On the sixth day, Mom left to help her brother prepare for
his final hours. It took all day, and 18 hours after his medically
prescribed lethal dose of morphine, my mother’s brother passed.
We left the next morning, a pair suffering tragedies, she left hers
behind, I was catching up with mine. We landed in the city, and I
knew it would be my last time there. I’d never see them again. I was
alone.
It’s Time
The springs had worked their way through the padding and
fabric of my mattress. It tore through my sheets and my skin. I woke
up bleeding in the morning and started sleeping on the couch.
The dryer was broken, and all the laundry hung from a line
that stretched from the greenhouse to the porch. It rained most
days that month.
I felt hollow at work, every call arithmetic, and every meeting
a defeat. My performance was slipping, but no one else had noticed.

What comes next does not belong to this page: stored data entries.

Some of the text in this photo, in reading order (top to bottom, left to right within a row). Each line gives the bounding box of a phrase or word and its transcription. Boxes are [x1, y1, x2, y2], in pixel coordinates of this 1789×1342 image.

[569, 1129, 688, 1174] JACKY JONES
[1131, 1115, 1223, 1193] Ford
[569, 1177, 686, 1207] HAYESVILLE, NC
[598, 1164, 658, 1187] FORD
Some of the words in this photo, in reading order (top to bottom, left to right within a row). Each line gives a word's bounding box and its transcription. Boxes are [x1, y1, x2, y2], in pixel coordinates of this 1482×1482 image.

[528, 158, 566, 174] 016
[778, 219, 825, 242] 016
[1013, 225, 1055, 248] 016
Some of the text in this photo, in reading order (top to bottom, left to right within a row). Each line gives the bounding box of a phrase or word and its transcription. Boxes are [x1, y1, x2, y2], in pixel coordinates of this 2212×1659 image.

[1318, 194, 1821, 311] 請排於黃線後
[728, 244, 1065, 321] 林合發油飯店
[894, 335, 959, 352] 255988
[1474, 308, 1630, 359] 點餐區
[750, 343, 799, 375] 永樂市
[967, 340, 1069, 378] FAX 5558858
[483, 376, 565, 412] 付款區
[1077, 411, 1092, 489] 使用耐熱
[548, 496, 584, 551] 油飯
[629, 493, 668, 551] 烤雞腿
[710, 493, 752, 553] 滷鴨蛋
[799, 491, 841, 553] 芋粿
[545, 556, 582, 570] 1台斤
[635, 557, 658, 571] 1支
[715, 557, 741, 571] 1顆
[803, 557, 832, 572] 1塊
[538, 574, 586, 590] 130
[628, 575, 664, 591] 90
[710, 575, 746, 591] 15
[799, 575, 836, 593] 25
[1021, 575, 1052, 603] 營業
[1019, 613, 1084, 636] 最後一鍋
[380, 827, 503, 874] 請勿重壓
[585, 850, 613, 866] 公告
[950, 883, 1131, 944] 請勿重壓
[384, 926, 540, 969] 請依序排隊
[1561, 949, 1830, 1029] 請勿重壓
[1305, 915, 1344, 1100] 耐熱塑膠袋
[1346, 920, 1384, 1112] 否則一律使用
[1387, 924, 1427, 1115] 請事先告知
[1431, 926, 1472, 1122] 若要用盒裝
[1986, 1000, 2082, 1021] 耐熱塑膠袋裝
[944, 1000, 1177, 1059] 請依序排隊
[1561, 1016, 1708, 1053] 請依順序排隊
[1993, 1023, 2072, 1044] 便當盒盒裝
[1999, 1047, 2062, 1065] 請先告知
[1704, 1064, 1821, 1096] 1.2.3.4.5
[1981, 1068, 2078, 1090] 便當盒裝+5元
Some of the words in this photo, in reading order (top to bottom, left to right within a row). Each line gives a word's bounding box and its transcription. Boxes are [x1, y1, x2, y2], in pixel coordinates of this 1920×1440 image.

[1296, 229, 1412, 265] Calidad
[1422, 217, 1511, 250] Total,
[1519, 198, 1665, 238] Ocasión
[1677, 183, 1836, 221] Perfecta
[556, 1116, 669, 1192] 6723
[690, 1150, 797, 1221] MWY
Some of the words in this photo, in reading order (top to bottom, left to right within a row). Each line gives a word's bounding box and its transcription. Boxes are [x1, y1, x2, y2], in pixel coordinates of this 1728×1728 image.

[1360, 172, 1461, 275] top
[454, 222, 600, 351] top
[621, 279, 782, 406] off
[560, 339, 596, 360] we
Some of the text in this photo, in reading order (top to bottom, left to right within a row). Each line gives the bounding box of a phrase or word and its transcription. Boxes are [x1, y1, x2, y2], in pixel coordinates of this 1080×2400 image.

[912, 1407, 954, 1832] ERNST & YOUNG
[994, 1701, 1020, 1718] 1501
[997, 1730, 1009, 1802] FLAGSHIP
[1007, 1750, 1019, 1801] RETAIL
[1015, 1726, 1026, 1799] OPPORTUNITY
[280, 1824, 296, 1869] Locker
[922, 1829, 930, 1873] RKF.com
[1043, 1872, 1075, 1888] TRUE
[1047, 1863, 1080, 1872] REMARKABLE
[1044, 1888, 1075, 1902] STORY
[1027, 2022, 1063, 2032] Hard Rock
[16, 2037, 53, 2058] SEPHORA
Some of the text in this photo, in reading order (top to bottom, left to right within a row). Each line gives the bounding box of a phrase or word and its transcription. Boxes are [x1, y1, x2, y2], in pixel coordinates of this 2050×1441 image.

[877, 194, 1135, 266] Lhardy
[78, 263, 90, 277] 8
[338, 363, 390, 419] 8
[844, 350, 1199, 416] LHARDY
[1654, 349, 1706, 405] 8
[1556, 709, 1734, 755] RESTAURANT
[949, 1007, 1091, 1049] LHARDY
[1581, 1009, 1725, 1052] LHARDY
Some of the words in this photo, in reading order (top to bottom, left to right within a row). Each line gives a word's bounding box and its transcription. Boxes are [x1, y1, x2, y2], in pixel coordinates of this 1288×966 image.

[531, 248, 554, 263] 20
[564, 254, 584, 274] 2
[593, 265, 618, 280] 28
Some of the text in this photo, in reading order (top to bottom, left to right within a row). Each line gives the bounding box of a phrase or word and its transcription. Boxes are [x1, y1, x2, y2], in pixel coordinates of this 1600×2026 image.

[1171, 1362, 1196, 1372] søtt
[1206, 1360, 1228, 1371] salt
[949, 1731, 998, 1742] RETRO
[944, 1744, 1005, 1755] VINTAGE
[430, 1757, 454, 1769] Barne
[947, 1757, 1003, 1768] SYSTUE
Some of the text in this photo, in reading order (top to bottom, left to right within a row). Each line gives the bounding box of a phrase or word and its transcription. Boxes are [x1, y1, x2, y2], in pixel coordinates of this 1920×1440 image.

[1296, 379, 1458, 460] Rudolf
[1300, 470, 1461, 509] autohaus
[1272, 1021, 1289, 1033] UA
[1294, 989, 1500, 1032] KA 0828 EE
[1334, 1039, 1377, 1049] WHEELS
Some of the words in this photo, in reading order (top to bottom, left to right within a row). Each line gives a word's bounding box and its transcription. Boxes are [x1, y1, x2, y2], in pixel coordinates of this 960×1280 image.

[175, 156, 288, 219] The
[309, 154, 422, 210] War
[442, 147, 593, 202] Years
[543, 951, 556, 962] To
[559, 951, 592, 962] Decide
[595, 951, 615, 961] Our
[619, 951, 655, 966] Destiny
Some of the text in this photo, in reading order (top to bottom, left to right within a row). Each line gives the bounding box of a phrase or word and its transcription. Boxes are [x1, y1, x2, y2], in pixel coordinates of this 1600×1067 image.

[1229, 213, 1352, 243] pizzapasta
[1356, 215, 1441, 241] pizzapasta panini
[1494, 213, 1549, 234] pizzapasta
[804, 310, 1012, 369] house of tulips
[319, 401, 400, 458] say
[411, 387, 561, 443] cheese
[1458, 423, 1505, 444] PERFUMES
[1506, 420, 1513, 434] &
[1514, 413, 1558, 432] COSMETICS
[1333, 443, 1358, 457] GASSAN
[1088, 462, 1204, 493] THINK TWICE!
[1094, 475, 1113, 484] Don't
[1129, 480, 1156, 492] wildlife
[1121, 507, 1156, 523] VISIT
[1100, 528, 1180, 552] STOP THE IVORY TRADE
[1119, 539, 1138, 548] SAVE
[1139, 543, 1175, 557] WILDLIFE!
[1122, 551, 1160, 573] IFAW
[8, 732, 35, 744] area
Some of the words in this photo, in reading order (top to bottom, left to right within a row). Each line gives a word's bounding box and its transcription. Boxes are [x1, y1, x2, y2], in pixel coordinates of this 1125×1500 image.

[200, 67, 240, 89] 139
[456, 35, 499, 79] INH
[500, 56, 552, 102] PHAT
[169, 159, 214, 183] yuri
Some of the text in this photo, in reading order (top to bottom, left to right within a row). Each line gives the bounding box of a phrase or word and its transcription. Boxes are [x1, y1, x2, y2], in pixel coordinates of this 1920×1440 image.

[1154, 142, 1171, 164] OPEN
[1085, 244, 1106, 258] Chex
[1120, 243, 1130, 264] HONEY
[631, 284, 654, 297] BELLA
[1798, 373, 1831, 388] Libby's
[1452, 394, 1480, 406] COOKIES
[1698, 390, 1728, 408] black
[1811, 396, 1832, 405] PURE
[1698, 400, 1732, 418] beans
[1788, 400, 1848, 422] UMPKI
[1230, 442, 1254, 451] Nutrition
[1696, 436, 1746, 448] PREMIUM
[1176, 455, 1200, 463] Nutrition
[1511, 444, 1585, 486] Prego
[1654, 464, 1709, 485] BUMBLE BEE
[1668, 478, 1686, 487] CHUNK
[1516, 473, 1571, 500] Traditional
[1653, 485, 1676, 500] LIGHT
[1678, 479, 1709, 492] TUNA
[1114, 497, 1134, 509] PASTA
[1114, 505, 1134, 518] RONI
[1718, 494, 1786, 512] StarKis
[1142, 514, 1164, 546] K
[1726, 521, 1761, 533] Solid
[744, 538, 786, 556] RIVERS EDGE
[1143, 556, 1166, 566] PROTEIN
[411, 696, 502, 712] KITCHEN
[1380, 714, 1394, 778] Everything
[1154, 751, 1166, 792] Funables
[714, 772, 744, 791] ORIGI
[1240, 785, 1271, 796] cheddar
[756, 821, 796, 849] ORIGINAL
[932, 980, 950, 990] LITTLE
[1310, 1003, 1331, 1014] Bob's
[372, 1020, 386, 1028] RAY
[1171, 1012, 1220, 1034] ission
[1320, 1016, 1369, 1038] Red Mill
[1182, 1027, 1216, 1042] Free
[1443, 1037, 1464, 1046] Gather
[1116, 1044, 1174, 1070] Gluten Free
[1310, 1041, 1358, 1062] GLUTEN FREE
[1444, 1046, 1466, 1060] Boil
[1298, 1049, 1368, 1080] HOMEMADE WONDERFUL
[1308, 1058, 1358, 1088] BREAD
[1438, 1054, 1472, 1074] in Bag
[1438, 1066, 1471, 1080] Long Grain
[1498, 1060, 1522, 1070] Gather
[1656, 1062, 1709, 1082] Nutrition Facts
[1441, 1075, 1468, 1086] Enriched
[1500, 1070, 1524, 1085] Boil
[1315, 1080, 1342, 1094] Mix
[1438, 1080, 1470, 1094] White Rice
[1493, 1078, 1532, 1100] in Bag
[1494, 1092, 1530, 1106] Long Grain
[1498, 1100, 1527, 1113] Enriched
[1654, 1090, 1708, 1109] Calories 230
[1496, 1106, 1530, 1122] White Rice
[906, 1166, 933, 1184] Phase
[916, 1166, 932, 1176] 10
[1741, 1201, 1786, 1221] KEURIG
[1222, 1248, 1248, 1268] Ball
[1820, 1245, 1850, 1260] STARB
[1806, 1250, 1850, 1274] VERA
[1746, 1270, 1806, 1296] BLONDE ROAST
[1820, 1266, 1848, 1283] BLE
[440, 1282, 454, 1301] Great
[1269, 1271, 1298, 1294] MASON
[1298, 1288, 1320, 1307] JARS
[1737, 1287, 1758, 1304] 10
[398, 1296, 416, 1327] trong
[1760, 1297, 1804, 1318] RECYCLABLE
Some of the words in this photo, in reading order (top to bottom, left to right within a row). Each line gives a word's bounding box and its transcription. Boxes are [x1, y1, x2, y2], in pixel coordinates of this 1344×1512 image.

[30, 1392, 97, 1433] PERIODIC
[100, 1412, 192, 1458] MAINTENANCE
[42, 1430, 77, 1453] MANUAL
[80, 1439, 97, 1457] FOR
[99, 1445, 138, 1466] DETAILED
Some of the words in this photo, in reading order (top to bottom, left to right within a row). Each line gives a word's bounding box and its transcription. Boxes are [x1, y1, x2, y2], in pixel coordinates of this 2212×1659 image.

My car started filling with things once I was done using
them. My electric piano, my dress clothes, my hairbrush. It was
time.
Far Away
I texted Alex last night. I wanted to let him know that my
grandmother appreciated his Facebook presence. We talked a little
about old times and old people. He didn’t ask me about my studies
or about my move.
My phone is still silent at night. I keep hoping, but they’ll
never reach out. I put on my headphones at night and listen to
Hannah’s music with my eyes closed, trying to remember that
night fondly. Moving far away isn’t all I thought it would be. My
room is donated to me, with paintings I didn’t choose and a bed
the wrong shape.
Tonight, I look at Alex’s little message box, with his face and
his dog’s smiling next to each other. I start typing 3 times and delete
each text. I close my phone and turn over to sleep. 500 miles is the
right distance for him. I think back to the city as my eyes begin to
flutter closed for sleep, and as I remember that single night sitting
around the game table with them, I realize that I love them.